EXERCISE DETAILS:
From the data that follows, report how many lines hold the string "bridges", giving only the number.
(PROVIDED DATA begins)
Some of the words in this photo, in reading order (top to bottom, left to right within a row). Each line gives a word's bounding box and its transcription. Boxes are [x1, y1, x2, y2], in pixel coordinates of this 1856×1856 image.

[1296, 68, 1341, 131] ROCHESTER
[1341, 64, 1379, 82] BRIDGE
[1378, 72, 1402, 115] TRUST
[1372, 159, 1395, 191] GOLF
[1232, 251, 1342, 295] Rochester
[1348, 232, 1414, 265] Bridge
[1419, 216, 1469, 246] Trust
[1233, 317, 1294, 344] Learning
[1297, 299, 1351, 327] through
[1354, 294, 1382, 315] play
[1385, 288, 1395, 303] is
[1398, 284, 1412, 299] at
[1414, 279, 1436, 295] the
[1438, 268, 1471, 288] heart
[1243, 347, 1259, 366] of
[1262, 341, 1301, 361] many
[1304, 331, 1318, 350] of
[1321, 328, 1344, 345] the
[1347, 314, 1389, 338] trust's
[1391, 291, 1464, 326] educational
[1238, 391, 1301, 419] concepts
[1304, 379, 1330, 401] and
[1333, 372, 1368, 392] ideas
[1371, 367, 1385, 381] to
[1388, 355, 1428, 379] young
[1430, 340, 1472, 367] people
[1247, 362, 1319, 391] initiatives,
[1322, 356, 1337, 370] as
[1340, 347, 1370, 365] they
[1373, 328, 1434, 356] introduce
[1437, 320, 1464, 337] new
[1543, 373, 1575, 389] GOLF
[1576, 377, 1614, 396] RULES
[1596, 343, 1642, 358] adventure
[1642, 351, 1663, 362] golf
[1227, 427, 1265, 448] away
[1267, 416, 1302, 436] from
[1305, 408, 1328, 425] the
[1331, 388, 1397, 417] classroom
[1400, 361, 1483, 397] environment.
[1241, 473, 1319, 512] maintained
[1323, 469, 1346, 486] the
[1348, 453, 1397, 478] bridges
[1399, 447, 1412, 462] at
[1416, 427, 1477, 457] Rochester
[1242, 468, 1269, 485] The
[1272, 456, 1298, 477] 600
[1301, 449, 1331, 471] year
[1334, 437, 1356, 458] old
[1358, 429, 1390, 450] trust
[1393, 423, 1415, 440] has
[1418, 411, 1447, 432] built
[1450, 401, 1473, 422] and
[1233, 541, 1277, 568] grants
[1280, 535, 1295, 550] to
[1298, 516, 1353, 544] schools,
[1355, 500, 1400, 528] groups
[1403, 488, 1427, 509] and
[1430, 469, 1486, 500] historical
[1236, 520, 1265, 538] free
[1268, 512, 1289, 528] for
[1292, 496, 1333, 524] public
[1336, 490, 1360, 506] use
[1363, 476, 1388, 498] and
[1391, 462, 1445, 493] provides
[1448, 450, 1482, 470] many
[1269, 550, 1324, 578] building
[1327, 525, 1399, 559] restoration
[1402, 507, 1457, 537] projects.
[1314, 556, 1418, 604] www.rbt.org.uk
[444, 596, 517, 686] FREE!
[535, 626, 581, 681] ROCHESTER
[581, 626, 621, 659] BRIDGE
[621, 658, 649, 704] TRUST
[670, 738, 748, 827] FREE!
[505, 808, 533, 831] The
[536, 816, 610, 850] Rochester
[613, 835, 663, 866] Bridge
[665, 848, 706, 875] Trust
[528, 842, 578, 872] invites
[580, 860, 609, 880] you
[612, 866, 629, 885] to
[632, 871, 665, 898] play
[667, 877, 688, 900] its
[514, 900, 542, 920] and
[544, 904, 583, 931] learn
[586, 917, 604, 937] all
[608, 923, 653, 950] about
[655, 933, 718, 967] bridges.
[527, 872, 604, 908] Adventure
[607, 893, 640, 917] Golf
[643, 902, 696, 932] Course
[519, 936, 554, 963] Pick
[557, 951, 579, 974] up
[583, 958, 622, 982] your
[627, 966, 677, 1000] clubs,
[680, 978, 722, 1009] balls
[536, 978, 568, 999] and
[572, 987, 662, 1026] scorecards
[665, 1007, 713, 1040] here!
(PROVIDED DATA ends)
FINISHED TASK:
2